Innanzitutto vorremmo mettere in evidenza che abbiamo tenuto alla partecipazione di tutte le componenti della nostra scuola e qui ci sono gli insegnanti, gli alunni, ma anche i genitori e i rappresentanti delle istituzioni.
Vorremmo sottolineare in particolare la partecipazione dei genitori.
Esiste un'idea diffusa per la quale la scuola deve insegnare e mettere in grado i nostri figli di essere uomini del domani quasi questo fosse un compito istituzionale arido ed esclusivista.
Ma può oggi la scuola funzionare come negli anni sessanta, quando il rifiuto della partecipazione della componente dei genitori alla vita scolastica era sanzionato dalla legge?
E soprattutto, se dobbiamo intraprendere il difficile compito di educare, possiamo farlo senza una condivisione di valori e contenuti con i genitori?
E' persino troppo facile per chiunque di noi educatori dire e sapere che senza una presenza attiva, responsabile e cooperativa dei genitori la scuola non funziona.
Guido Giugni, uno dei più grandi pedagogisti italiani del recente passato, focalizzava bene la questione quando esprimeva il concetto di "passaggio dalla scuola-istituto alla scuola-comunità"

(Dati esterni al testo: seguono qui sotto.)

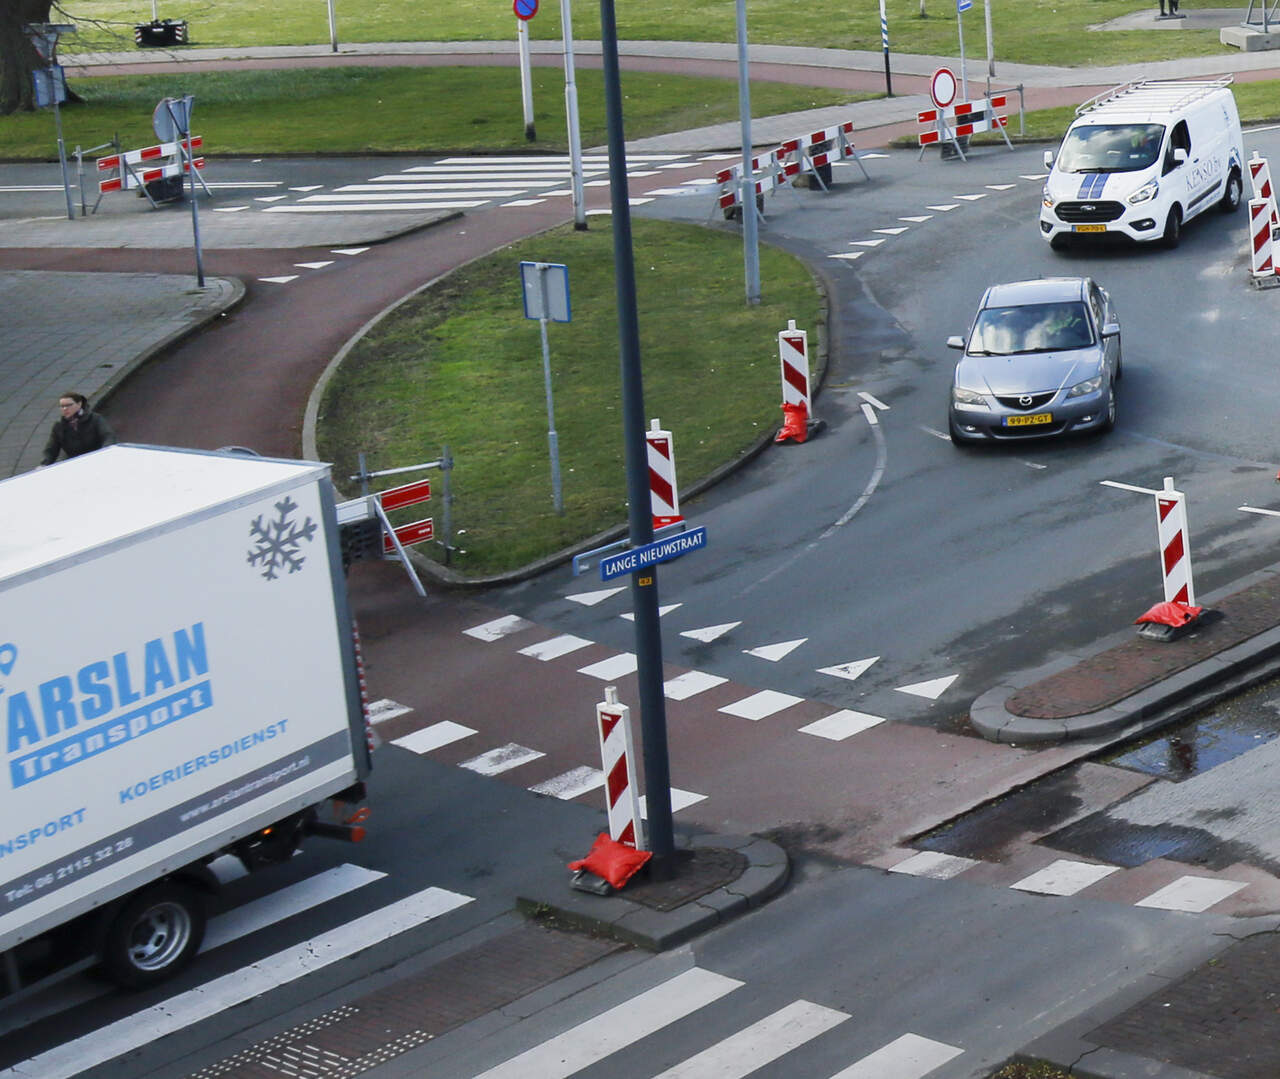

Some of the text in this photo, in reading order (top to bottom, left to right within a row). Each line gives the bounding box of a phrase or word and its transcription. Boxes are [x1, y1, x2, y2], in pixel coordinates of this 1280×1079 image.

[606, 532, 704, 576] LANGE NIEUWSTRAAT
[7, 622, 209, 753] ARSLAN
[19, 689, 205, 779] Transport
[118, 719, 289, 804] KOERIERSDIENST
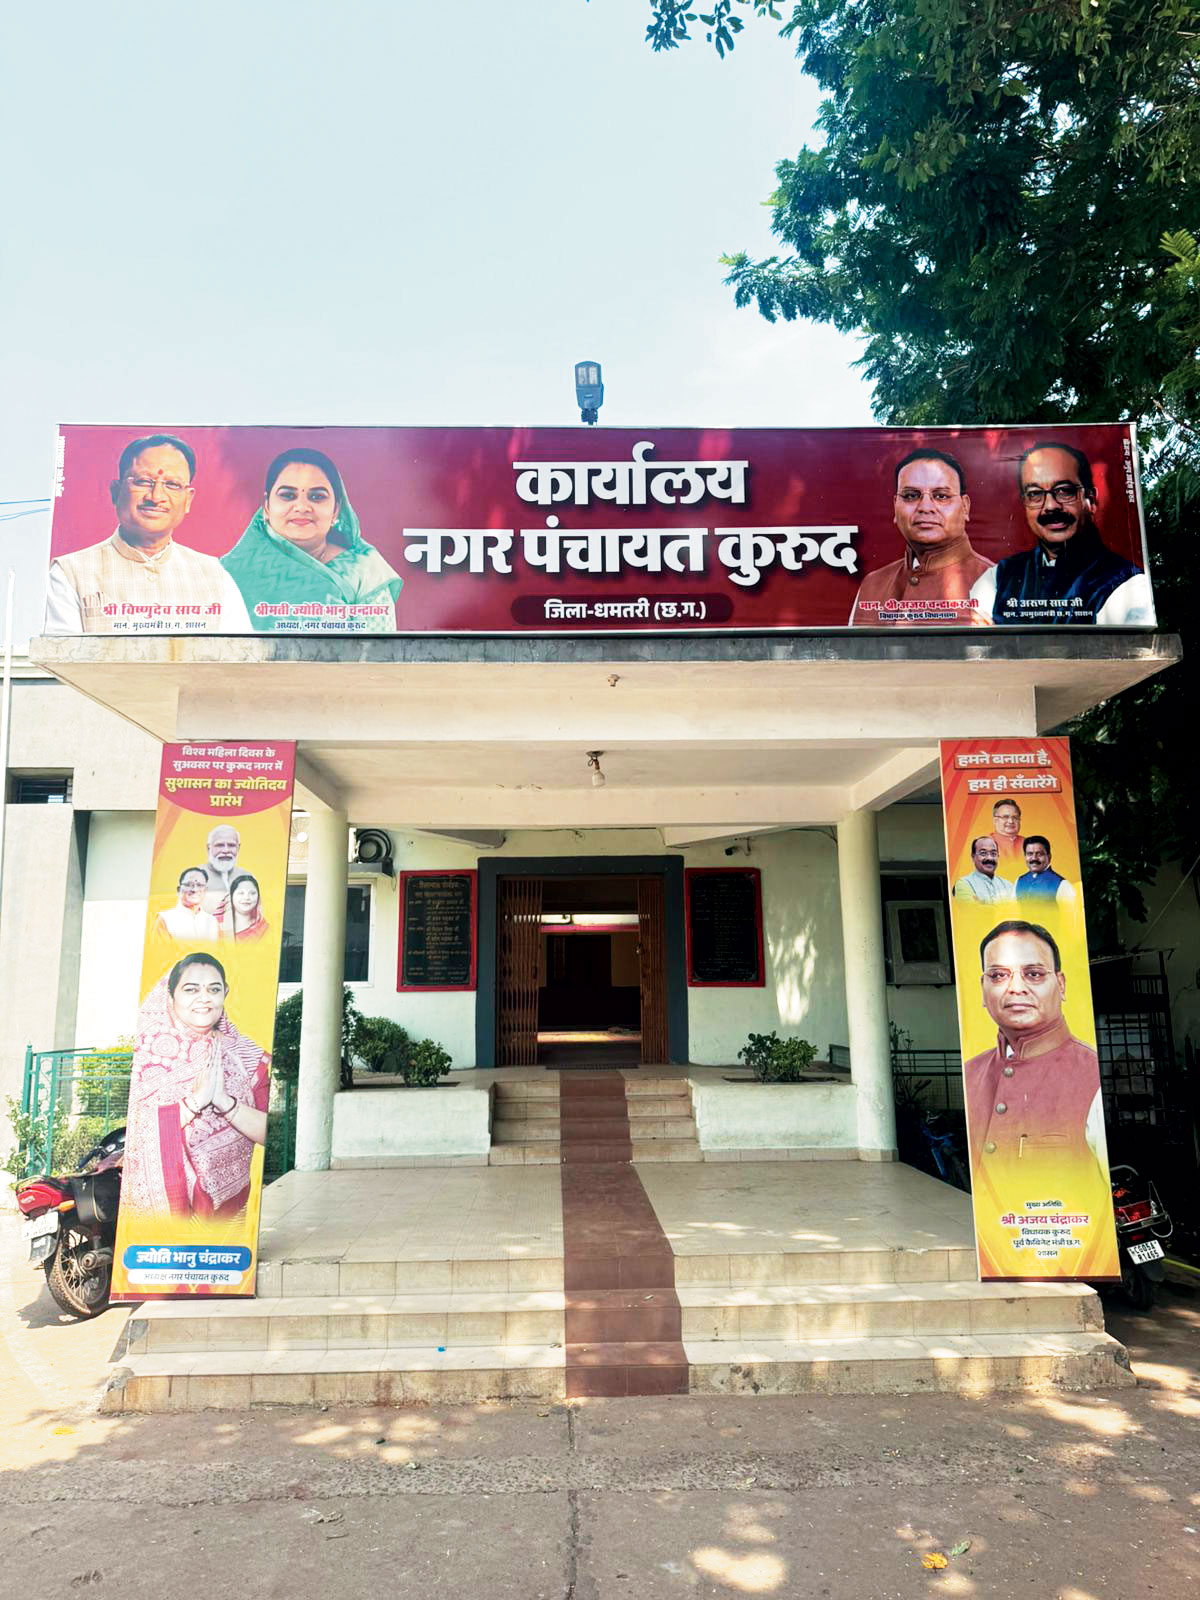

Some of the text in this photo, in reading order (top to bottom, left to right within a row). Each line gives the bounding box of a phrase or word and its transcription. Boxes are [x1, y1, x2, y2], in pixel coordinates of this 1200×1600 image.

Dalla scuola, per intenderci, come fatto giuridico, struttura statica ed impersonale, con rapporti basati sul criterio della gerarchia degli uffici, sui fini prefissati dal programma:insomma una scuola subordinata ai criteri selettivi di accettazione della cultura dominante;
alla scuola come sistema aperto, dinamico in cui esistano rapporti di reciprocità e collaborazione, in sui esista un complesso organico di raggruppamenti di persone che interagiscano a scopo educativo.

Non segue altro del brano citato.